Task item — Output the full listing below exactly, without the pictures.

Dataset —
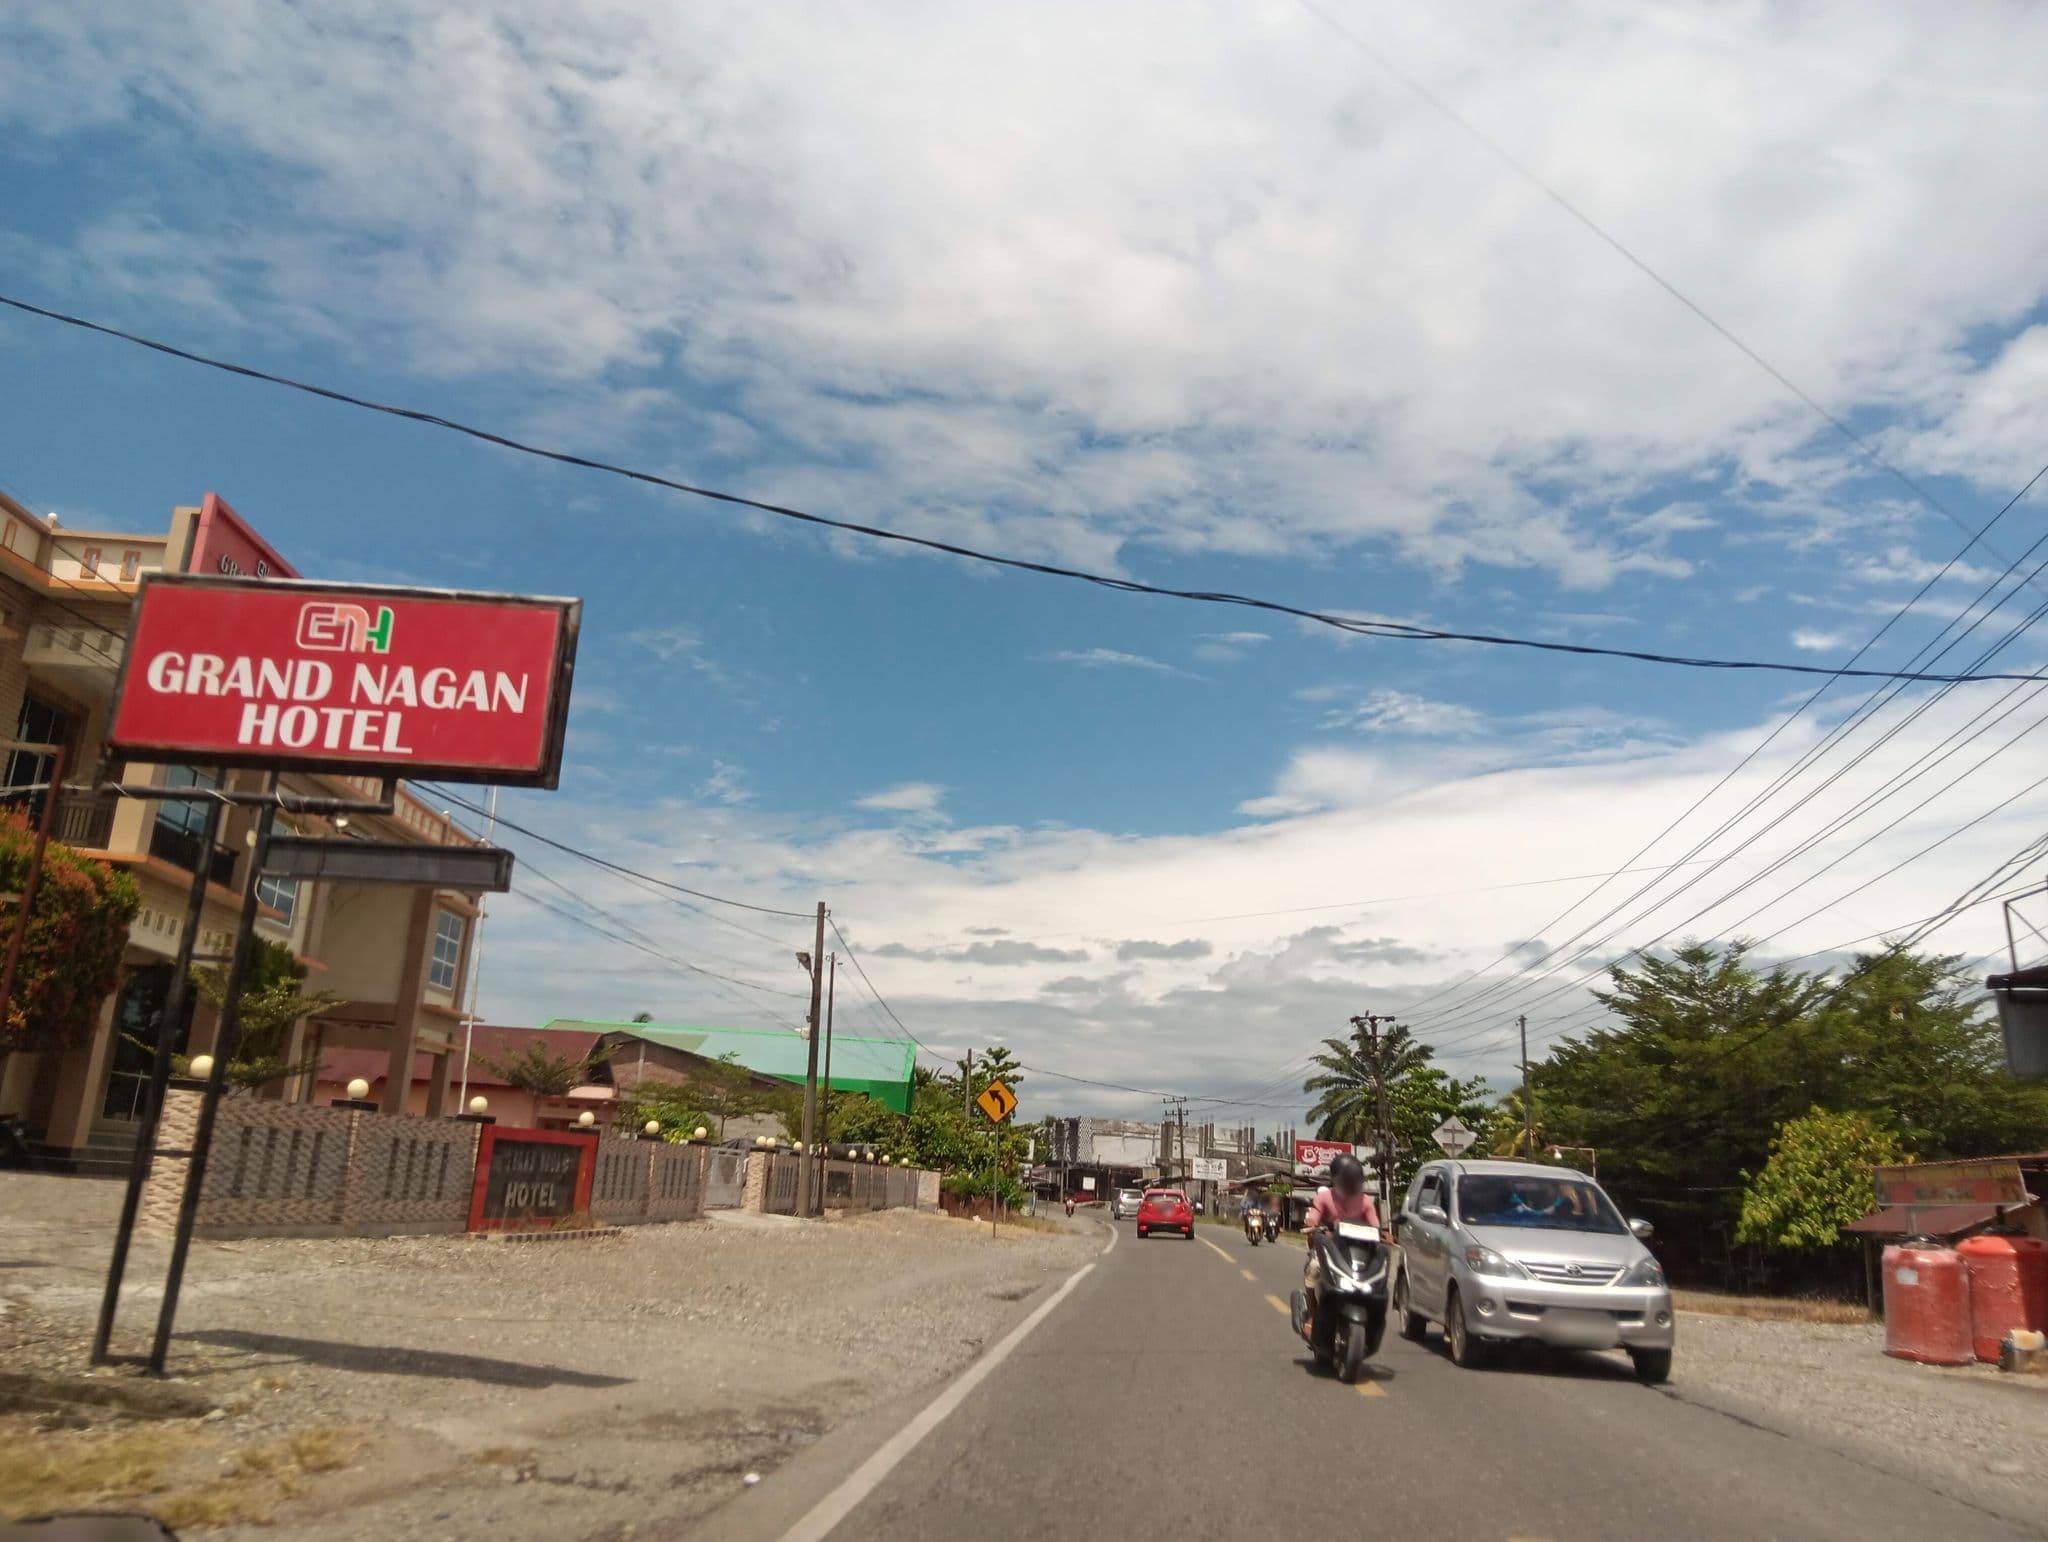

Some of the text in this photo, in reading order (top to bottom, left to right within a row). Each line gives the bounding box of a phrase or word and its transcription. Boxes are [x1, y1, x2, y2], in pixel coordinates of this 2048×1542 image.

[147, 651, 529, 714] GRAND NAGAN
[237, 703, 413, 754] HOTEL
[505, 1182, 556, 1208] HOTEL
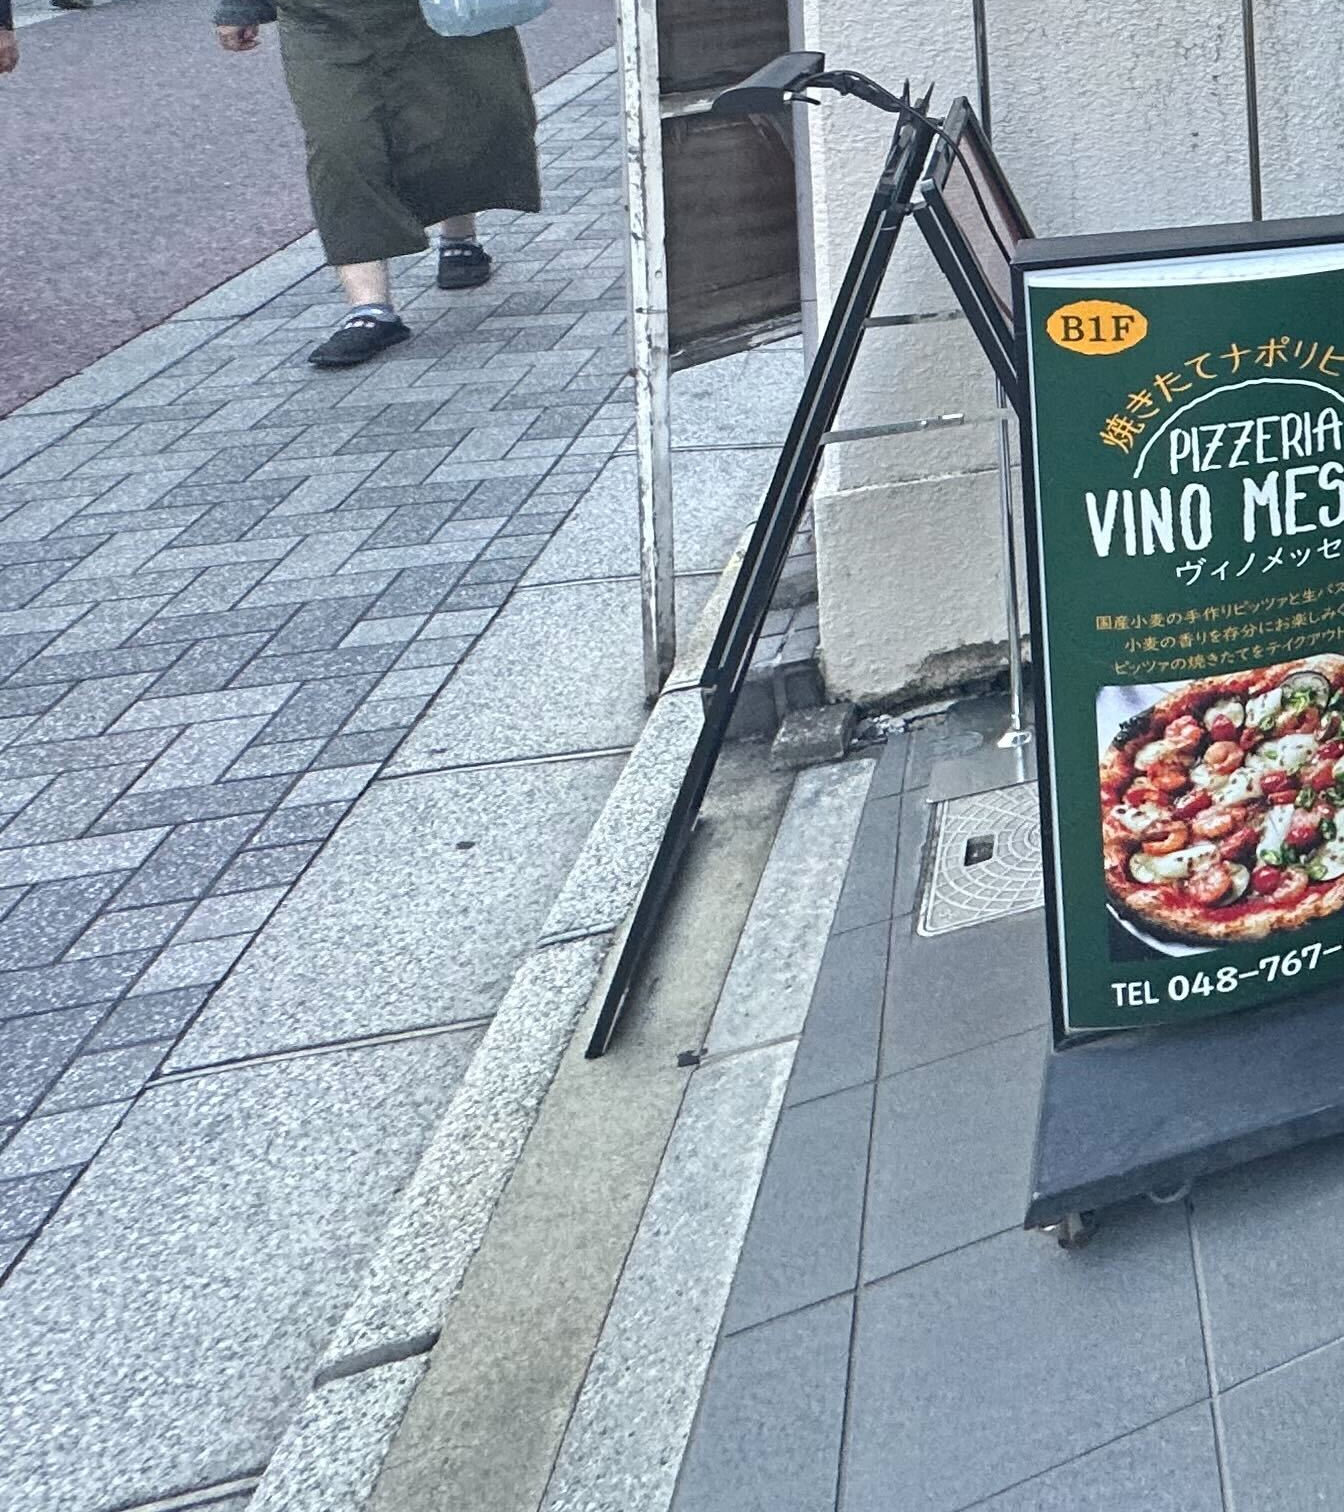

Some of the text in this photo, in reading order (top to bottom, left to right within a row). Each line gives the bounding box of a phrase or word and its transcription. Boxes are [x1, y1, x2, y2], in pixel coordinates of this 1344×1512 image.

[1060, 315, 1135, 342] B1F
[1170, 407, 1343, 474] PIZZERIA
[1085, 482, 1212, 557] VINO
[1176, 537, 1342, 585] ヴィノメッセ
[1112, 980, 1159, 1007] TEL

Solution below —
Some of the text in this photo, in reading order (top to bottom, left to right within a row). Each line gives the bounding box of a phrase or word and its transcription. Boxes are [x1, y1, x2, y2], in pixel coordinates of this 2048×1542 image.

[147, 651, 529, 714] GRAND NAGAN
[237, 703, 413, 754] HOTEL
[505, 1182, 556, 1208] HOTEL

Some of the text in this photo, in reading order (top to bottom, left to right within a row). Each line gives the bounding box of a phrase or word and its transcription. Boxes are [x1, y1, x2, y2], in pixel coordinates of this 1344×1512 image.

[1060, 315, 1135, 342] B1F
[1170, 407, 1343, 474] PIZZERIA
[1085, 482, 1212, 557] VINO
[1176, 537, 1342, 585] ヴィノメッセ
[1112, 980, 1159, 1007] TEL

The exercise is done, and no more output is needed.